Describing his father as enigmatic, David says he could be loving and kind but could then turn cold and remote.

“I got on with him probably as well as anybody else, perhaps a little bit better.”

David later adds that he had problems with his father. He thinks Gerald may have had autism. He says that his father’s “brilliance” and his difficult disposition and sense of being “wedded” to Cork “were characteristics of an autistic person. He was high on the spectrum. Autism is what makes people brilliant. It can also make them difficult.

If you didn’t have autistic people, you’d have a very boring dull world with no music, no art and no literature.

David spent hours talking to a psychiatrist friend about his father. The psychiatrist reckoned Gerald had been autistic.

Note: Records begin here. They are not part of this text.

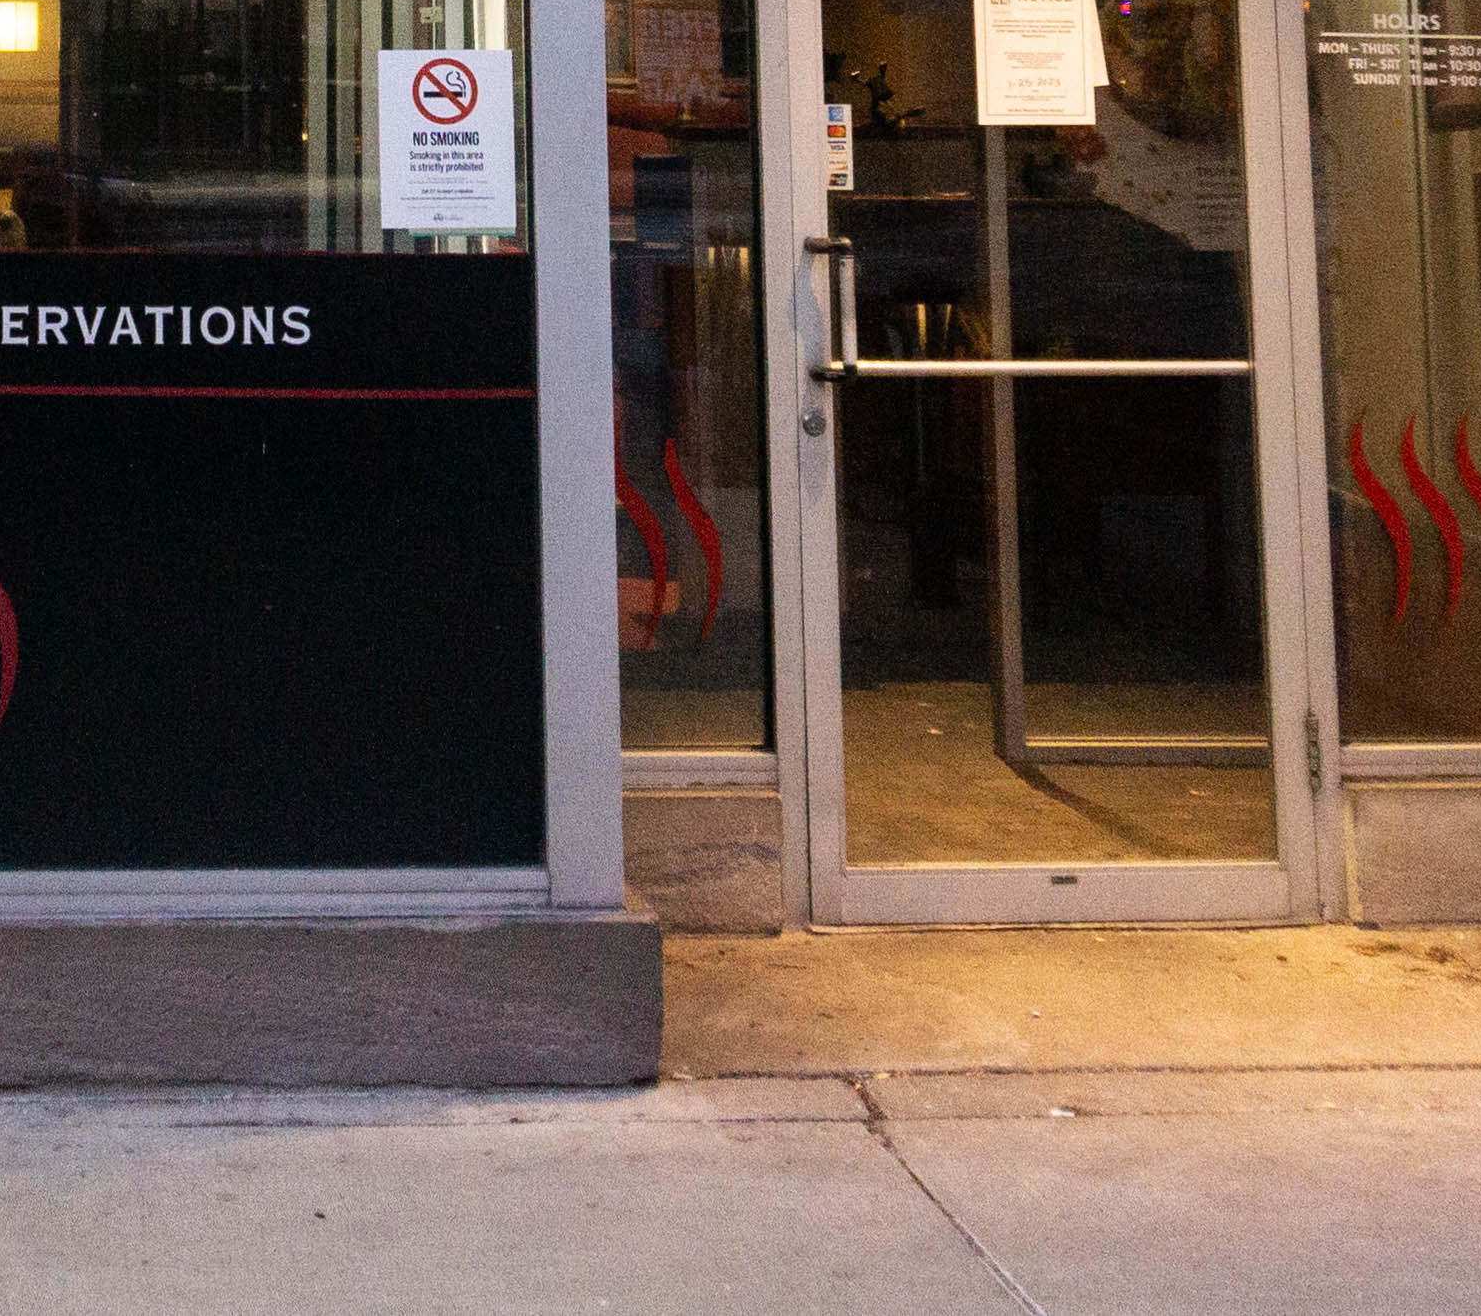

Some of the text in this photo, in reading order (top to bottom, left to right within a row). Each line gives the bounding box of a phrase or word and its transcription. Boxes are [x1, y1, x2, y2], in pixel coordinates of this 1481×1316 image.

[1372, 13, 1441, 31] HOURS
[1318, 42, 1349, 54] MON
[1448, 45, 1474, 57] 9:30
[1349, 57, 1367, 70] FRI
[1379, 58, 1401, 70] SAT
[1450, 60, 1481, 72] 10:30
[1352, 73, 1402, 86] SUNDAY
[1449, 75, 1477, 87] 9:00
[412, 131, 480, 146] NO SMOKING
[409, 150, 484, 162] Smoking in this area
[418, 162, 444, 173] strictly
[445, 162, 484, 173] prohibited

“That was a huge discovery for me. It was really telling. Because Gerald was so brilliant, people came to be trained by him. But he couldn’t delegate. He couldn’t trust them. He couldn’t take them into his practice. He had great difficulty forming a relationship with one person, never mind others.

David Goldberg, son of Gerald Goldberg, who was Lord Mayor of Cork in 1977/78, sits in the same chair his father once sat in, beside the current Lord Mayor, Cllr Kieran McCarthy.
David Goldberg, son of Gerald Goldberg, who was Lord Mayor of Cork in 1977/78, sits in the same chair his father once sat in, beside the current Lord Mayor, Cllr Kieran McCarthy.

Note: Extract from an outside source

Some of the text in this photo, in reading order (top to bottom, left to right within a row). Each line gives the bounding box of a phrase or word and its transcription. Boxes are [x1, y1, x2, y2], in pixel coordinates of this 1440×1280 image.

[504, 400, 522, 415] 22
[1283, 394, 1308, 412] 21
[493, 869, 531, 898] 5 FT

“Autism is not an illness. It’s a genetic condition. Nobody knew about it in (my father’s time.) But he should have left an empire. He should have left a glass palace on South Mall or on the Western Road with ‘Goldberg Solicitors’ Office’ on it. But there’s nothing. There is a pub in Jewtown called Goldbergs. 

I don’t think it’s called after us. But we can always claim it!

David, who is a Reform Liberal Jew, was brought up in an Orthodox Jewish home.

“We followed the rules and rituals and would go to the Synagogue on South Terrace. My mother (originally from Belfast) tried to keep a Kosher house for as long as she could but she couldn’t keep it going as trying to source stuff was difficult. She was a fabulous cook. She had a very good background in Jewish cooking. She would also travel. She went to Italy and took an interest in what they did with food. She came home and started cooking with garlic.”

Gerald and Sheila had a happy 60-year marriage. Apart from first meeting in Donaghadee, Co Down, in their teens, their entire five year- courtship was carried out through letters to each other.

My mother was completely different to Gerald. It was like the yin and yang. They were perfectly suited to one another.

“She looked after him when he got heavy, putting him on a diet with no spuds or bread allowed. It worked.”

David Goldberg and Cllr Kieran McCarthy, Lord Mayor of Cork City, pointing out David’s father’s name on the list of Lords Mayor at the launch of his book, ‘Gerald & Sheila Goldberg of Cork: A Son’s Perspective’. Picture: Rob Lamb
David Goldberg and Cllr Kieran McCarthy, Lord Mayor of Cork City, pointing out David’s father’s name on the list of Lords Mayor at the launch of his book, ‘Gerald & Sheila Goldberg of Cork: A Son’s Perspective’. Picture: Rob Lamb

Sadly, Sheila developed Alzheimer’s Disease and died in St Luke’s home in Blackrock in 1996. Within an hour of being in Marymount, Gerald died at the age of 91, seven years after his beloved wife’s death.

Dublin-based David, who is married with one daughter, is sad that there is no monument or plaque to his parents in Cork city. He its that his father pushed him into law.

“I didn’t want it. I wanted to be a painter. But I enjoyed law, particularly the jury trials. I inherited a lot of Gerald’s ability to speak, and talk to juries.”

He hopes he has done his parents justice in the book and says it is neither a eulogy nor a detraction, but rather, an honest of the lives of two remarkable people.

‘Gerald & Sheila Goldberg of Cork’ was funded by Cork City Council through the Cork City Heritage and Biodiversity Publication Grant Scheme. It is published by Oak Tree Press, 19.95 euro.